D’ailleurs, le titre même du livre en indiquait l’insuffisance. La question était trop mal posée pour qu’on pût y répondre correctement. Les "rapports de propriété" antiques avaient été remplacés par la propriété féodale, celle-ci par la propriété bourgeoise. Ainsi l’histoire elle-même avait soumis à sa critique les rapports de propriété passés. Ce qu’il s’agissait pour Proudhon de traiter c’était la propriété bourgeoise actuelle. A la question de savoir ce qu’était cette propriété, on ne pouvait répondre que par une analyse critique de l’économie politique, embrassant l’ensemble de ces rapports de propriété, non pas dans leur expression juridique de rapports de volonté, mais dans la forme réelle, c’est-à-dire de rapports de production. Comme Proudhon intègre l’ensemble de ces rapports économiques à la notion juridique de la propriété, il ne pouvait aller au-delà de la réponse donnée par Brissot, dès avant 1789, dans un écrit du même genre, dans les mêmes termes : "La propriété c’est le vol" [100].
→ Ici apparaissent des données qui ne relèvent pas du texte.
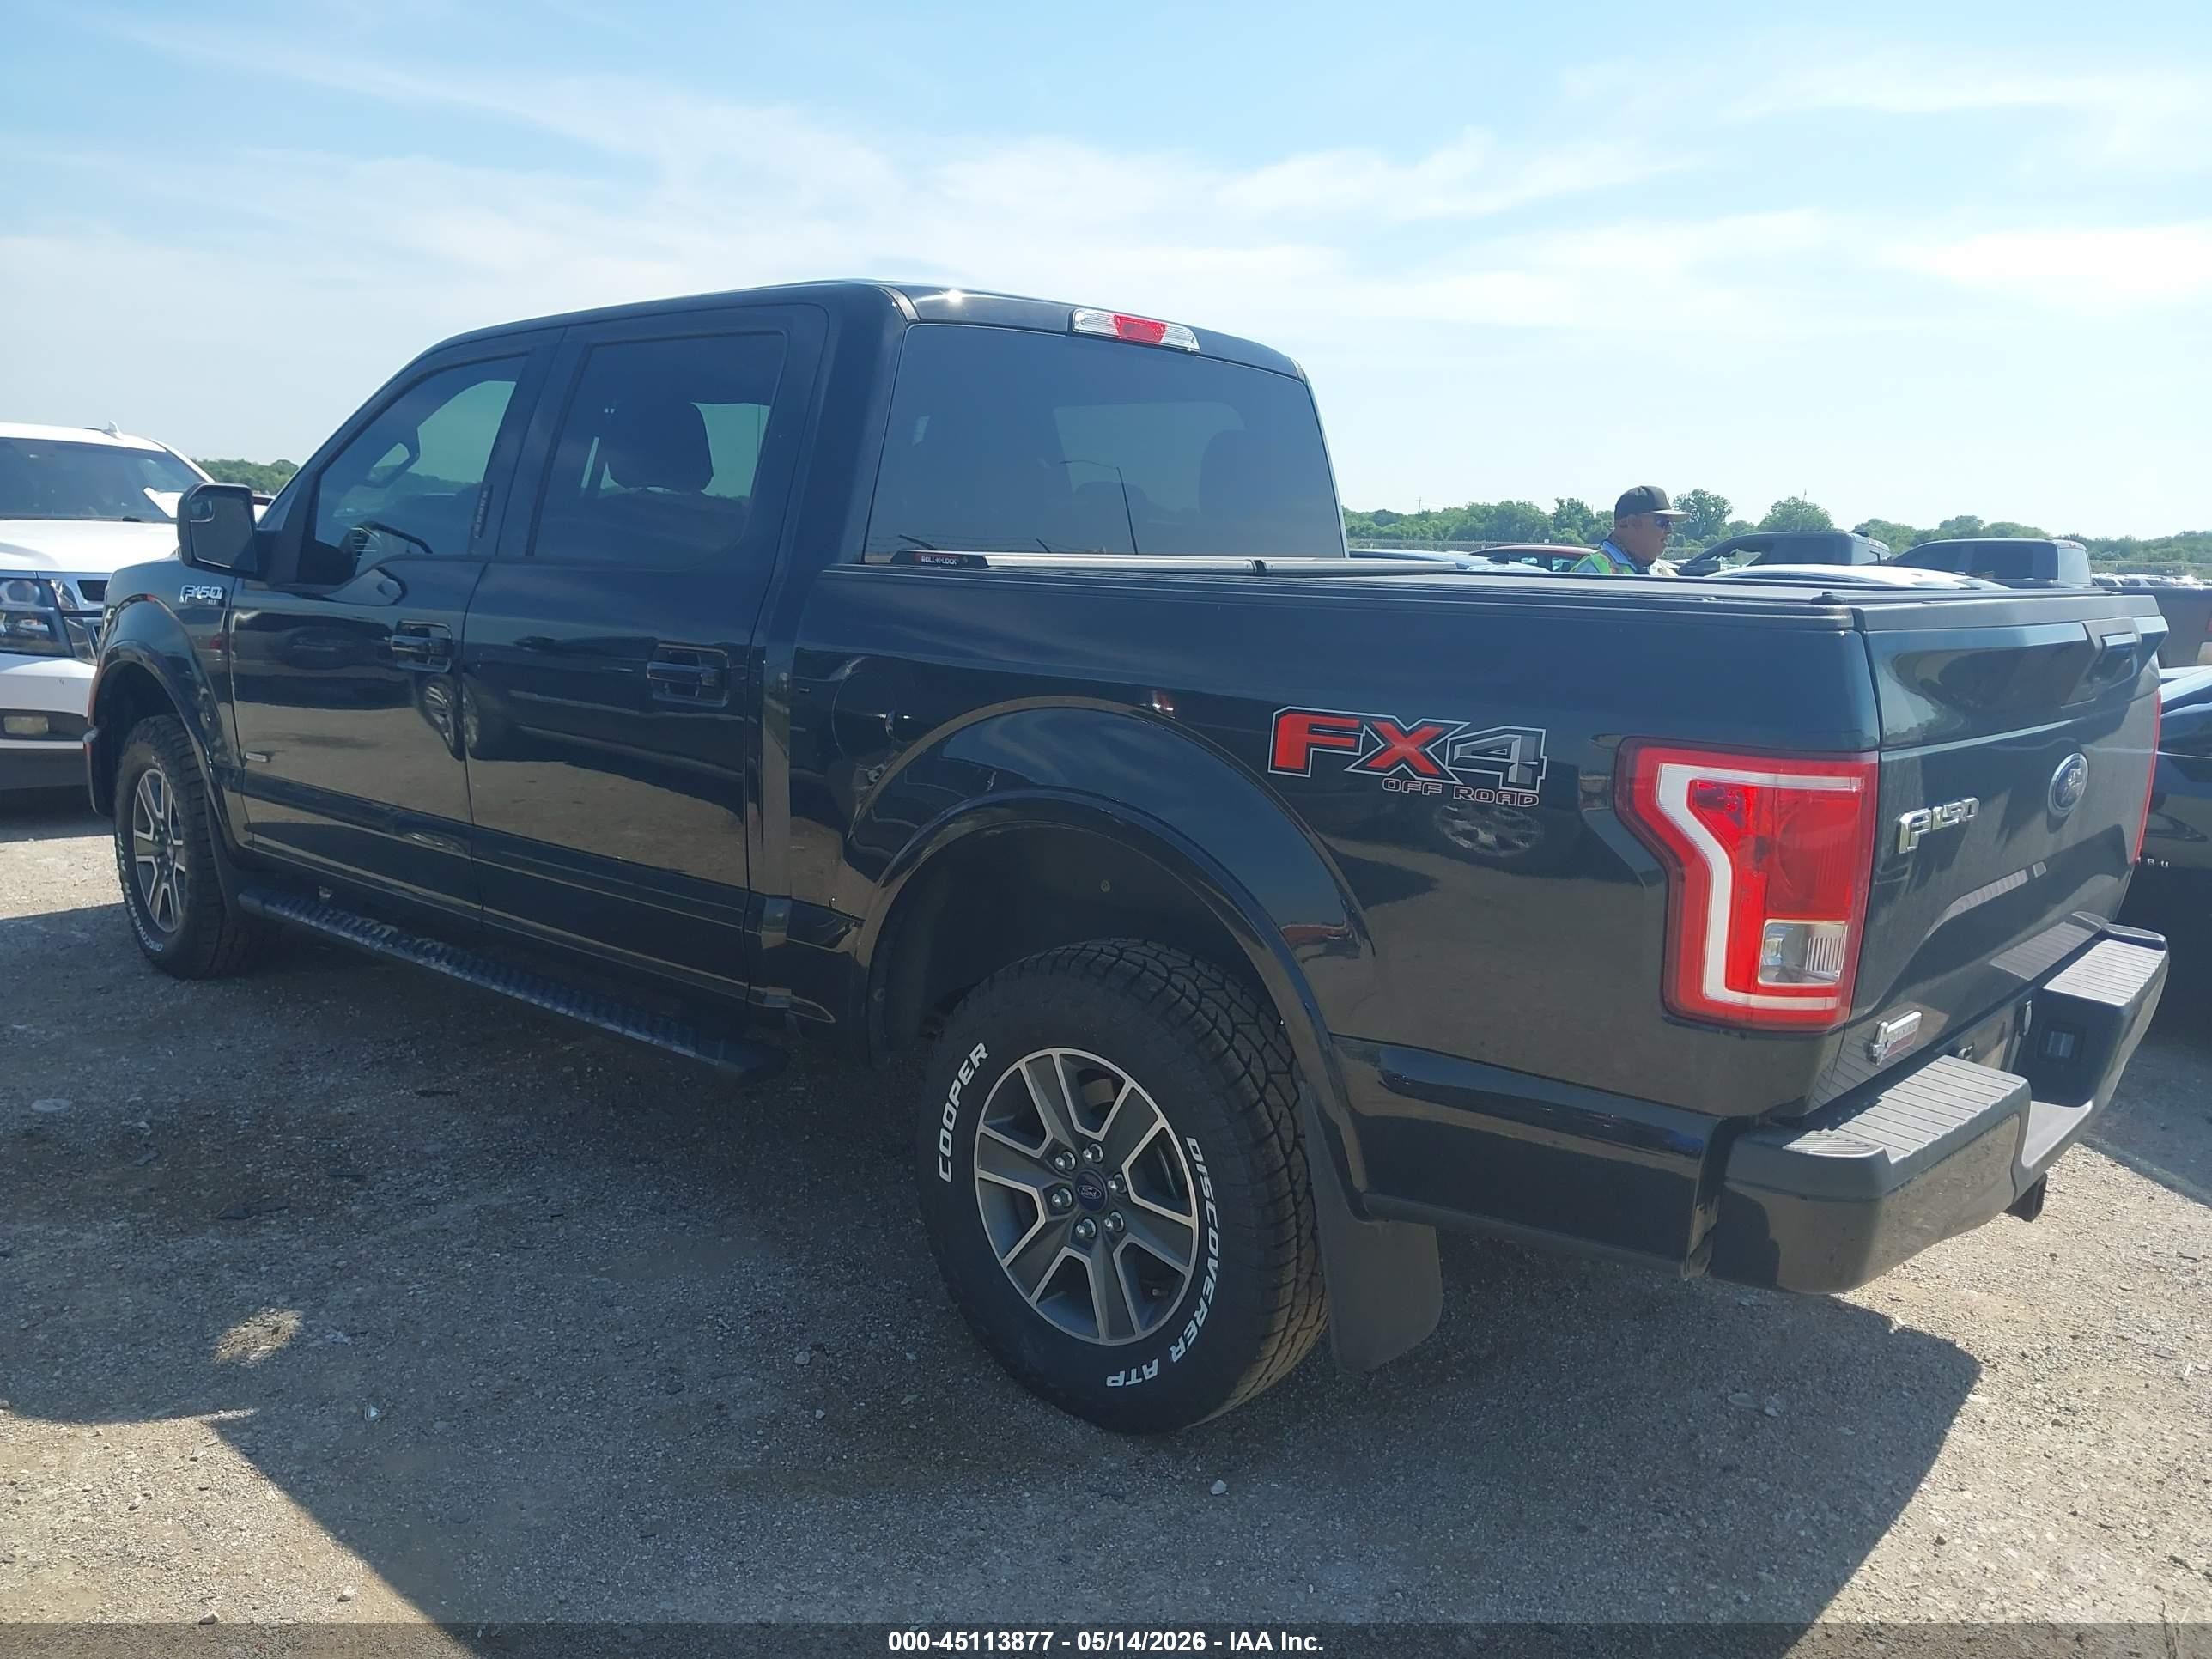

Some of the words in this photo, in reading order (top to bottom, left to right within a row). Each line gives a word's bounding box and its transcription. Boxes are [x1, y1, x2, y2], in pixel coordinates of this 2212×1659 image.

[1268, 706, 1547, 793] FX4
[1382, 777, 1443, 796] OFF
[1453, 785, 1540, 807] ROAD
[939, 1042, 989, 1182] COOPER
[1169, 1136, 1220, 1363] DISCOVERER
[1106, 1358, 1159, 1387] ATP
La conclusion que l’on en tire, dans le meilleur des cas, c’est que les notions juridiques du bourgeois sur le vol s’appliquent tout aussi bien à ses profits honnêtes. D’un autre côté, comme le vol, en tant que violation de la propriété, présuppose la propriété, Proudhon s’est embrouillé dans toutes sortes de divagations confuses sur la vraie propriété bourgeoise.
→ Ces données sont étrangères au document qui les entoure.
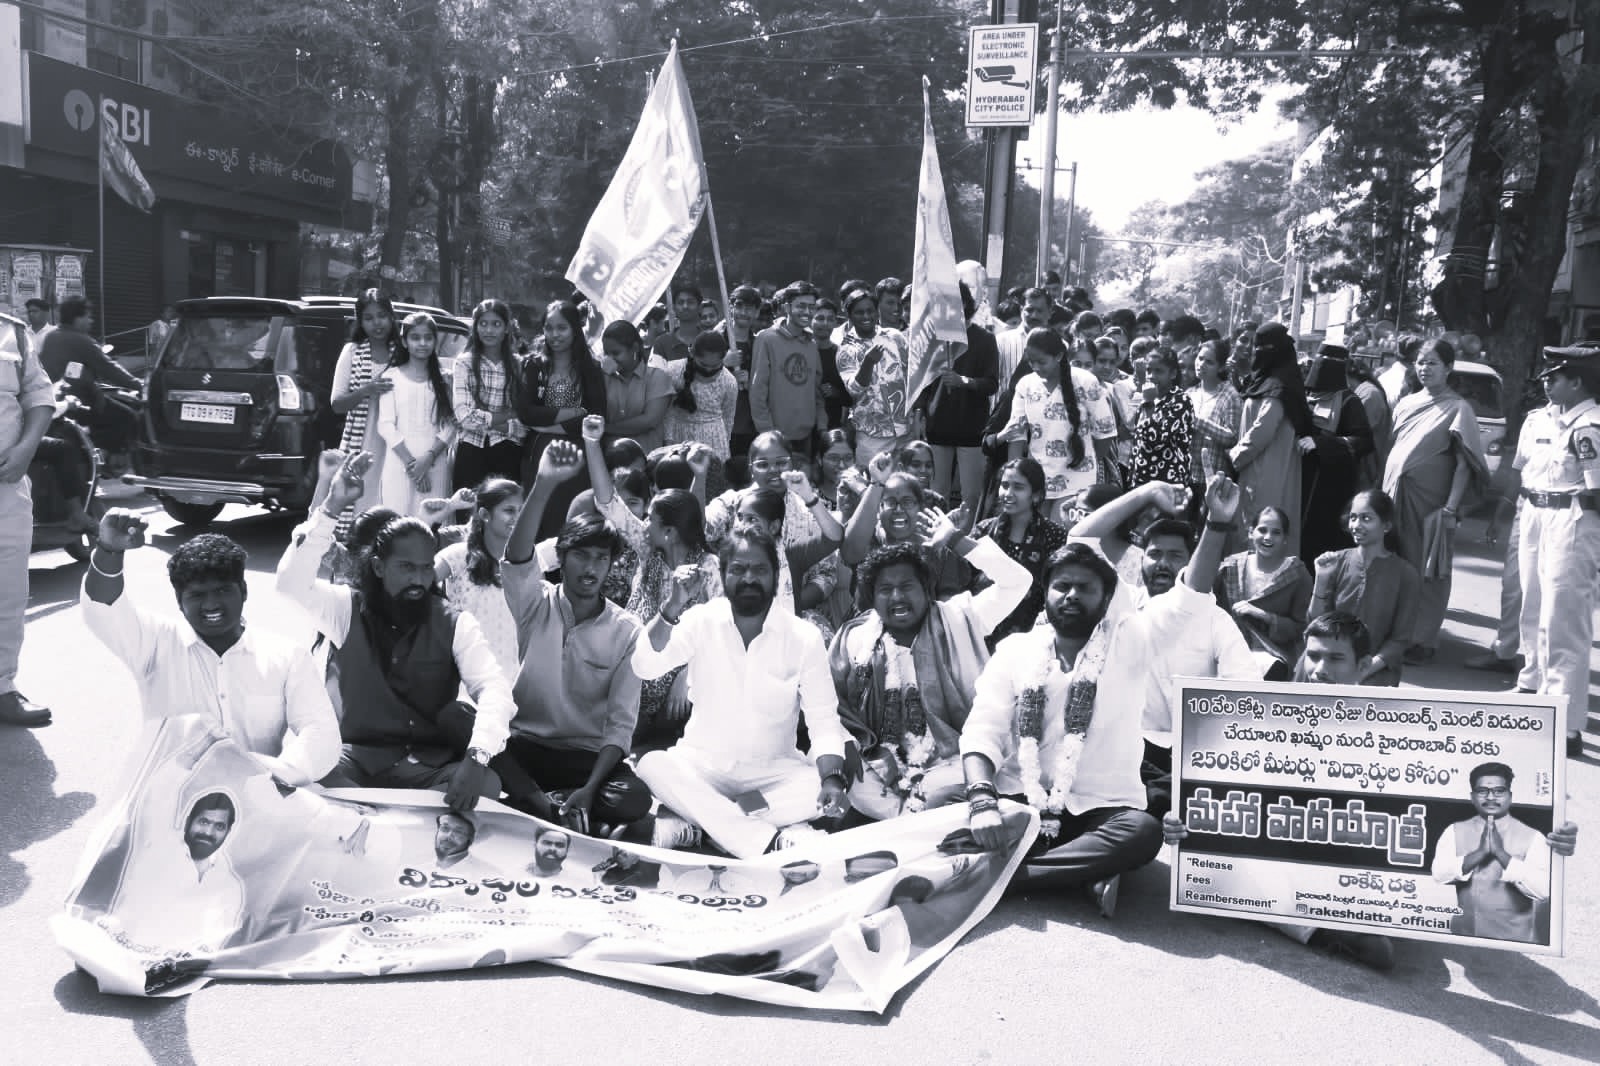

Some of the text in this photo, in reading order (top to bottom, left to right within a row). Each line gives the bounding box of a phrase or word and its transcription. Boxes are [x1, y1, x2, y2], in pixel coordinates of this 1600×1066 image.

Pendant mon séjour à Paris, en 1844, j’entrais en relations personnelles avec Proudhon. Je rappelle cette circonstance parce que jusqu’à un certain point je suis responsable de sa "sophistication", mot qu’emploient les anglais pour désigner la falsification d’une marchandise. Dans de longues discussions, souvent prolongées toute la nuit, je l’infectais, à son grand préjudice, d’hégélianisme qu’il ne pouvait pas étudier à fond, ne sachant pas l’allemand. Ce que j’avais commencé, M. Karl Grün, après mon expulsion de France, le continua. Et encore ce professeur de philosophie allemande avait sur moi cet avantage de ne rien entendre à ce qu’il enseignait.

Peu de temps avant la publication de son second ouvrage important : "Philosophie de la misère, etc.", Proudhon me l’annonça dans une lettre très détaillée, où entre autres choses se trouvent ces paroles – "J’attends votre férule critique" [101]. Mais bientôt celle-ci tomba sur lui (dans ma "Misère de la philosophie, etc.", Paris, 1847), d’une façon qui brisa à tout jamais notre amitié.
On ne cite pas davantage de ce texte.